### REQUIRED WORK
Would you please give every entry again exactly, without the pictures?

'''

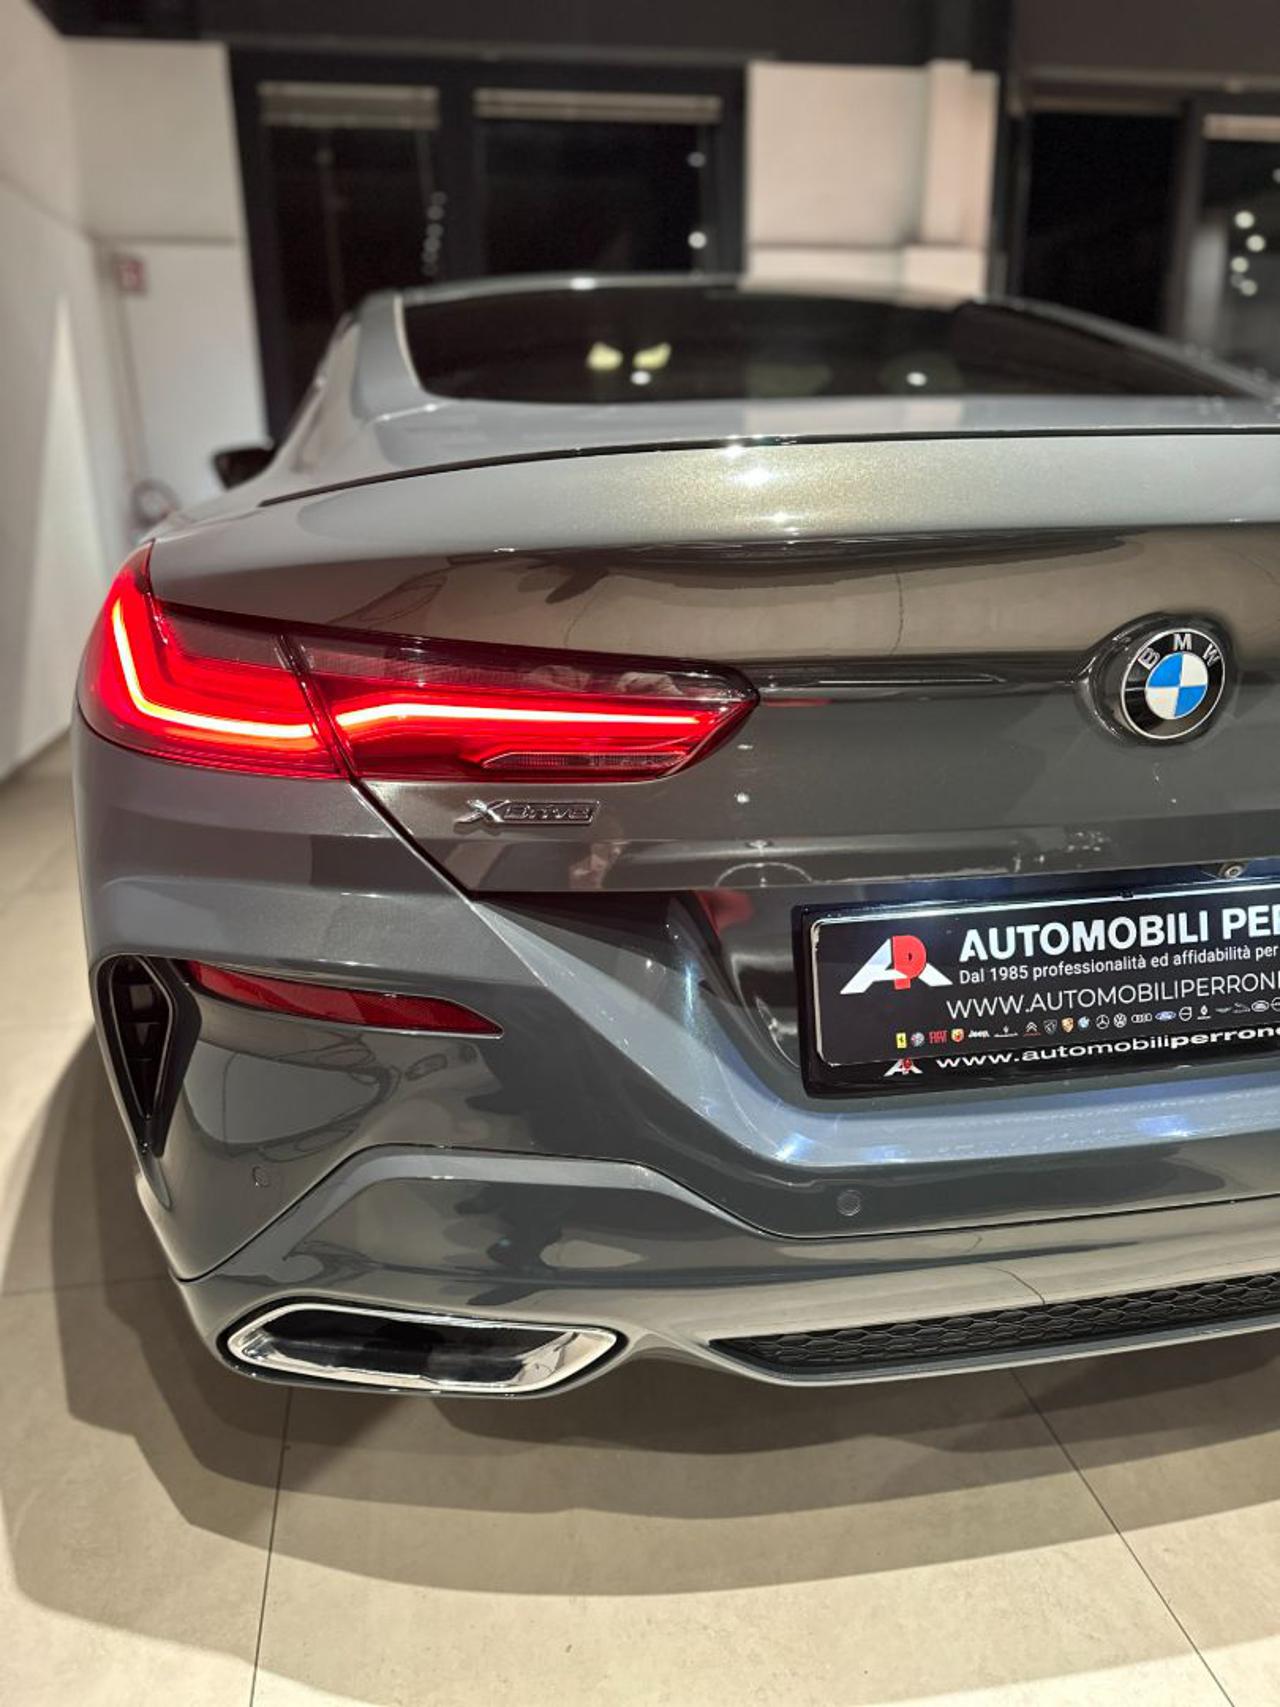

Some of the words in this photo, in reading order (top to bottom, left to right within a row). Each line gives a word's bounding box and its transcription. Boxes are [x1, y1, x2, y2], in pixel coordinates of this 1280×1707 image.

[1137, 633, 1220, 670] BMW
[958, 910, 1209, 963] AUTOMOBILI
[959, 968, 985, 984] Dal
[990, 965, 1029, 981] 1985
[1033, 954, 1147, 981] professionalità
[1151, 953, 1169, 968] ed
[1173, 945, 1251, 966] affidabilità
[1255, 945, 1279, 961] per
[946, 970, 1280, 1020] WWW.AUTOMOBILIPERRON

'''

### COMPLETED EXERCISE
Some of the words in this photo, in reading order (top to bottom, left to right within a row). Each line gives a word's bounding box and its transcription. Boxes are [x1, y1, x2, y2], in pixel coordinates of this 1280×1707 image.

[1137, 633, 1220, 670] BMW
[958, 910, 1209, 963] AUTOMOBILI
[959, 968, 985, 984] Dal
[990, 965, 1029, 981] 1985
[1033, 954, 1147, 981] professionalità
[1151, 953, 1169, 968] ed
[1173, 945, 1251, 966] affidabilità
[1255, 945, 1279, 961] per
[946, 970, 1280, 1020] WWW.AUTOMOBILIPERRON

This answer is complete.